Last week something very rare happened, which affects both Christians and Muslims, and helps us to identify how much our two faiths have in common, at a time when many people are drawing on Christian themes and motifs to try and drive a wedge between us. Unusually, and occurring roughly once in 35 years, the start of Ramadan and Lent coincided.
An interesting story appeared in the online news site of Raidió Teilifís Éireann (RTÉ), Ireland’s national public service broadcaster, picking up the words of Catholic Archbishop of Dublin, Dermot Farrell. At a mass on Ash Wednesday at University College Dublin, he noted not only that Ramadan and Lent had begun on the same day, but that the intentions of both holy seasons were the same – ‘ prayer, fasting, giving and forgiving’.
The broadcaster found a similar sentiment at the Islamic Centre of Ireland in Blanchardstown.
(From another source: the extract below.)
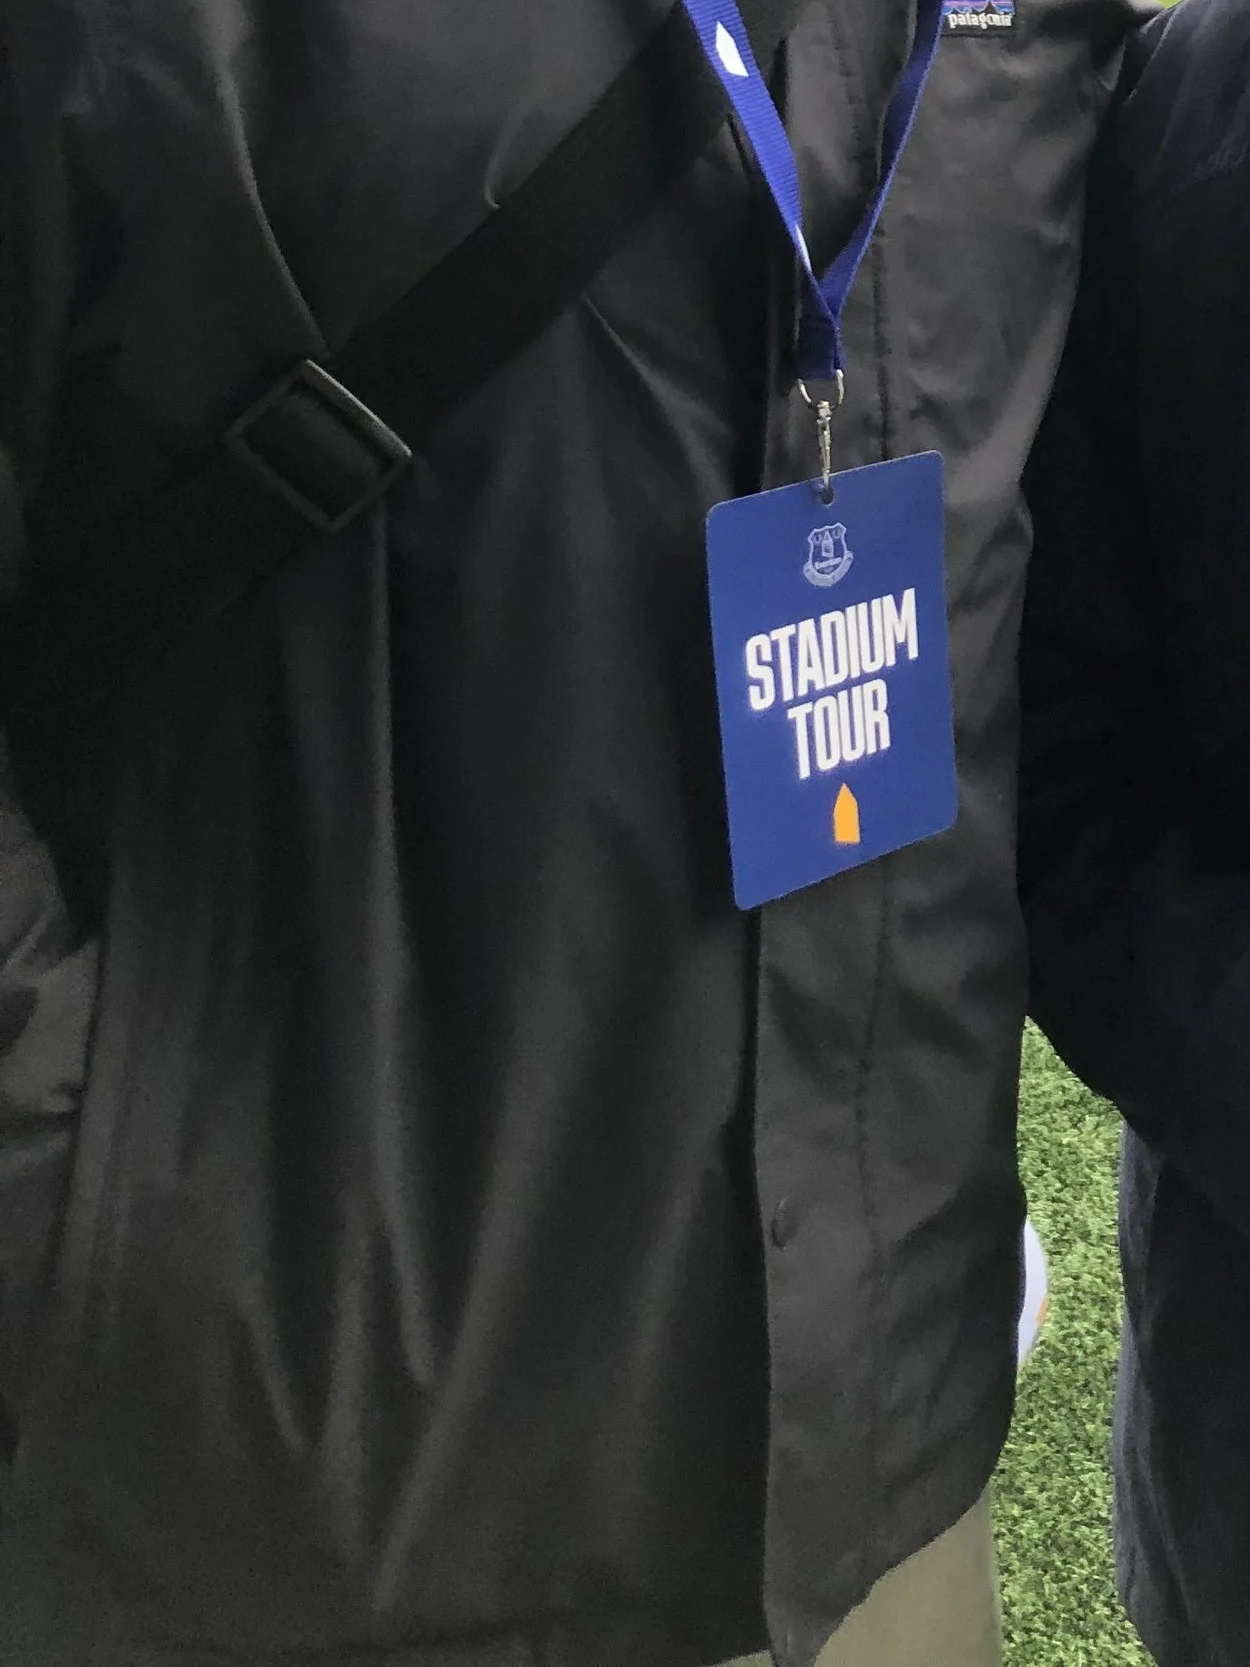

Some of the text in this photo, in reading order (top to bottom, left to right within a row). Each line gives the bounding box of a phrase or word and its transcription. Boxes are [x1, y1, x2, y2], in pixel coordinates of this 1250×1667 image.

[947, 11, 1013, 30] patagonia
[744, 587, 919, 712] STADIUM
[787, 678, 891, 780] TOUR
Leading the prayers, Sheikh Dr Umar Al Qadri described the beginning of Lent and Ramadan on the same day as “a very beautiful coincidence”. “Our Christian brothers and sisters have the season of fasting, prayer, reflection, and so do we as Muslims have it”, he said, as he pointed to our common ancestor, shared also with Judaism, the patriarch Abraham. “We must emphasise more the commonalities between these different faith traditions, between our communities, and that will help to combat, for example, division, combat bigotry, hate that we find sometimes”, he said.
Archbishop Dermot Farrell used this coincidence to issue a statement calling on Catholics to make a special effort to express their spiritual closeness to Muslims, and stated categorically that it was “completely wrong and contrary to any church teaching” that any other religion should be attacked for being a different faith or an Islamic faith.